The only way connection is working if i - start/restart Wireguard and restart the Portmaster service from the app menu - several times.
I can confirm that postmaster is working properly in linux. The only modification i made was to edit the client wireguard configuration file by adding this line: PostUp = sleep 4; systemctl restart portmaster;
/etc/wireguard/wg.conf :
[Interface]
PostUp = sleep 4; systemctl restart portmaster;
PrivateKey = XXXXXXXXXXXXXXXXXXXXXXXXXXXXX=
Address = 10.110.222.2/24
DNS = 9.9.9.9, 149.112.112.112
[Peer]
PublicKey = XXXXXXXXXXXXXXXXXXXXXXXXXXXXXXXXX=
PresharedKey = XXXXXXXXXXXXXXXXXXXXXXXXXXXXX=
Endpoint = 99.999.999.999:52978
AllowedIPs = 0.0.0.0/0
I personally have simply had enough with all the problems that Portmaster creates as opposed to what it is supposed to solve. Issues with VPN (WireGuard, NordVPN, you name it), issues with WSA/WSL, internal connection issues... And no matter what you try to solve it, Portmaster refuses to let it work. I purchased 2 years of Pro, but this is simply too much for me and too convoluted, and I'm tired of it simply. Going to uninstall Portmaster again like I had to do a year ago because of the same issues. Somebody wake me up when Portmaster works properly, until then SimpleWall or MFC will suffice just fine.
I personally have simply had enough with all the problems that Portmaster creates as opposed to what it is supposed to solve.

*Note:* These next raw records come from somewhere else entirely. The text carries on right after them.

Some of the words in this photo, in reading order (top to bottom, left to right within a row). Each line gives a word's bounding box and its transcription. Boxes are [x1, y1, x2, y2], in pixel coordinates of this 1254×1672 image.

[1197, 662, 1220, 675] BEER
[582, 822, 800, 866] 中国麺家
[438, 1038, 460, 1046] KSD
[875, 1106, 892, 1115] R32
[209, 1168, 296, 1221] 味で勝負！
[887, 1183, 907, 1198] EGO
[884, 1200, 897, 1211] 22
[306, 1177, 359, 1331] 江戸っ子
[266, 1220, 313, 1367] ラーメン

Same here, I stopped using PortMaster months ago after struggling to make it work properly without success. High CPU usage, issues with VPN, etc.
The main thing I liked PortMaster for was checking out which process was making DNS requests & blocking them from doing so. I've now switched over to using AdGuardHome for DNS and found this script: https://gist.github.com/gptlang/d7e22aba20b3187d8f5f40b9a65fe5b5 (a fork, the original has a memory leak) to be pretty useful (on Linux) for checking offending processes making DNS requests. Might be worth it at some point to improve upon it & get a proper logging/searching UI up and running.

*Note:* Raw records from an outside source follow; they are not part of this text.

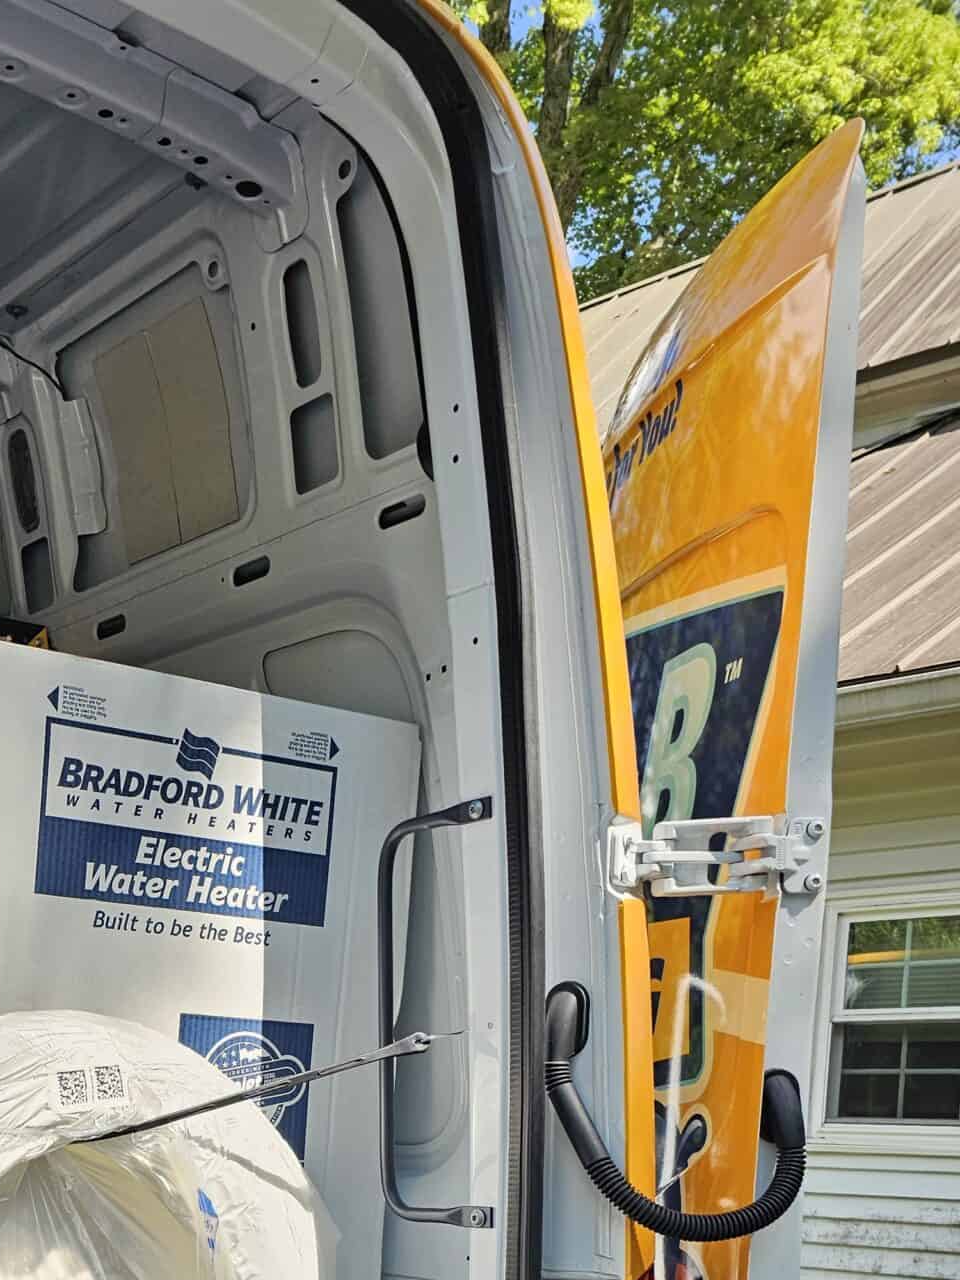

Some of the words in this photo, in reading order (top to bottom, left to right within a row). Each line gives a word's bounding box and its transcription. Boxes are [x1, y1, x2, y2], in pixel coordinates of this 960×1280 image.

[57, 757, 224, 811] BRADFORD
[232, 784, 324, 826] WHITE
[66, 794, 165, 821] WATER
[187, 812, 313, 842] HEATERS
[135, 835, 246, 876] Electric
[84, 861, 179, 900] Water
[187, 876, 289, 913] Heater
[93, 910, 139, 932] Built
[144, 917, 165, 934] to
[170, 918, 194, 938] be
[199, 922, 228, 942] the
[233, 926, 272, 947] Best
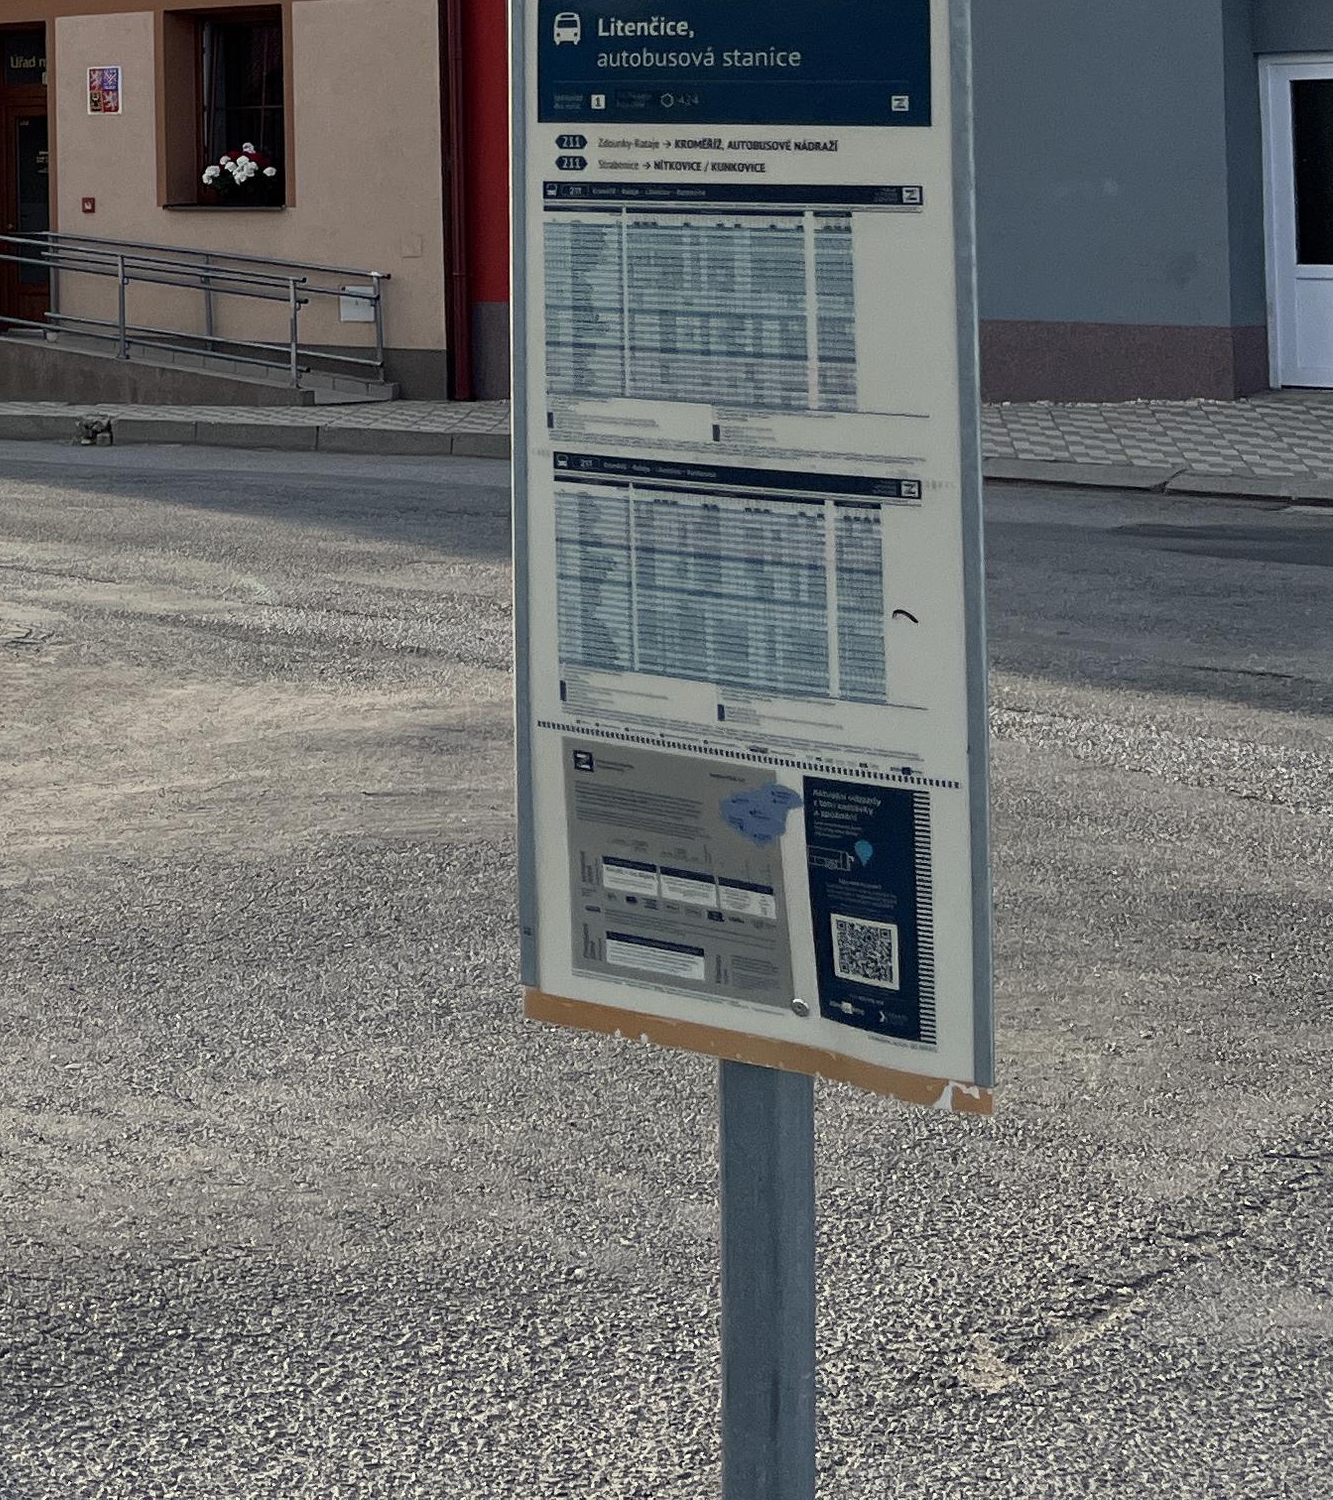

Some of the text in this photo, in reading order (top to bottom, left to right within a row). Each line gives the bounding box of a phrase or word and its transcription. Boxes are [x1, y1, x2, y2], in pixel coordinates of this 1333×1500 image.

[597, 15, 695, 38] Litenčice,
[597, 47, 801, 68] autobusová stanice
[595, 96, 601, 107] 1
[562, 136, 581, 148] 211
[562, 157, 581, 169] 211

The main thing I liked PortMaster for was checking out which process was making DNS requests & blocking them from doing so. I've now switched over to using AdGuardHome for DNS and found this script: https://gist.github.com/gptlang/d7e22aba20b3187d8f5f40b9a65fe5b5 (a fork, the original has a memory leak) to be pretty useful (on Linux) for checking offending processes making DNS requests. Might be worth it at some point to improve upon it & get a proper logging/searching UI up and running.
I used to love GlassWire for that purpose on Windows, and while NextDNS would achieve the same, I personally want both the DNS/Connection requests & blocking aspects as well as the integrated "one click to block" firewall aspects of it. I chose Portmaster because Portmaster is, as I see it, a more advanced & feature-rich version of GlassWire, and I also don't have to pay a hefty and pointless monthly subscription for Portmaster as you have to do with GlassWire (although I did support Portmaster development by buying a 2 year Pro package, something I somewhat regret doing now just a little). I really wanted Portmaster to succeed GlassWire, but alas, Portmaster simply isn't ready yet for daily usage as it is still far too unstable. I mean hell, even when you completely shutdown Portmaster and kill the system service, it still blocks VPN and causes connection problems for WSA/WSL, and all the other host of problems that exist with Portmaster. Such a shame really, but for now I can deal with using just SimpleWall as a firewall with "one click to block" functionality, and as for the graphs & DNS/connections analysis, I can do without that for the moment (I refuse to pay a damn subscription to GlassWire, as I hate subscriptions out of principle, they're incredibly shady anti-consumer tactics imo).